Brief = For each record that follows, give it back exactly, with no pictures included.

(Records from a data source)
*** Begin section ***

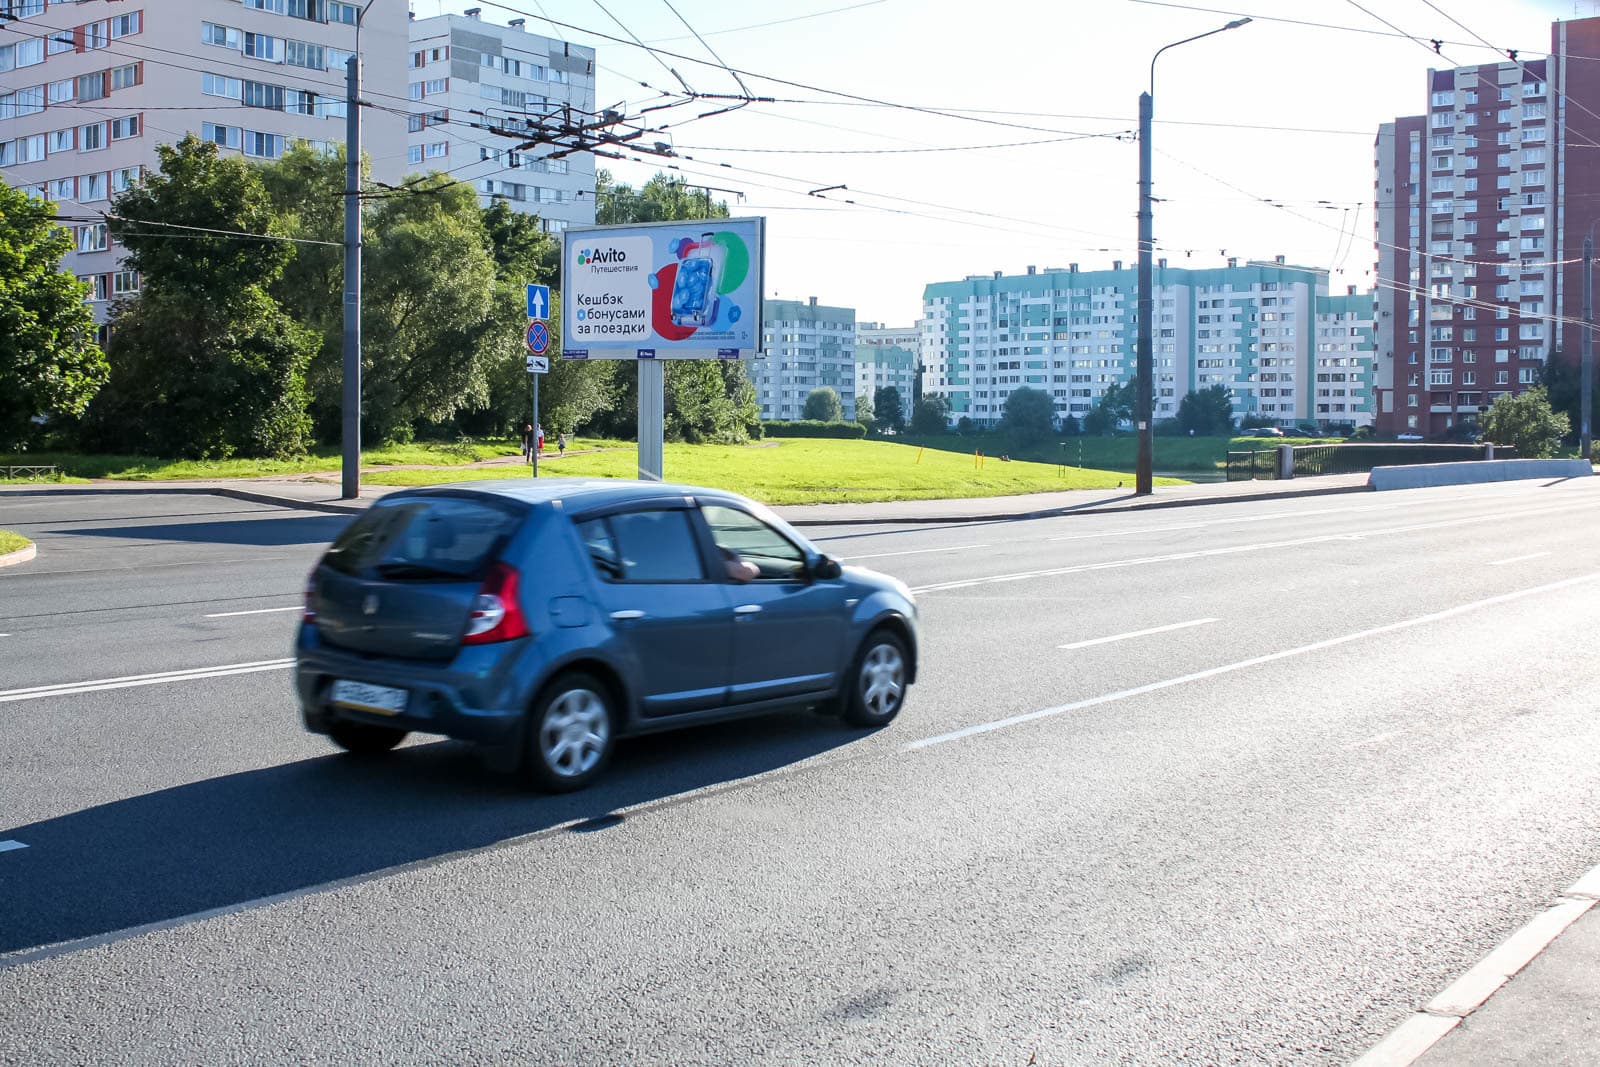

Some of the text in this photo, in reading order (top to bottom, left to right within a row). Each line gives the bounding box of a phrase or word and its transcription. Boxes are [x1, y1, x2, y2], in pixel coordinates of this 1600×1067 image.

[591, 248, 626, 263] Avito
[591, 265, 639, 275] Путешествия
[577, 293, 623, 305] Кешбэк
[587, 308, 645, 322] бонусами
[577, 324, 645, 335] за поездки

*** End section ***

Exercise output =
Some of the text in this photo, in reading order (top to bottom, left to right within a row). Each line gives the bounding box of a phrase or word and its transcription. Boxes are [x1, y1, x2, y2], in pixel coordinates of this 1600×1067 image.

[591, 248, 626, 263] Avito
[591, 265, 639, 275] Путешествия
[577, 293, 623, 305] Кешбэк
[587, 308, 645, 322] бонусами
[577, 324, 645, 335] за поездки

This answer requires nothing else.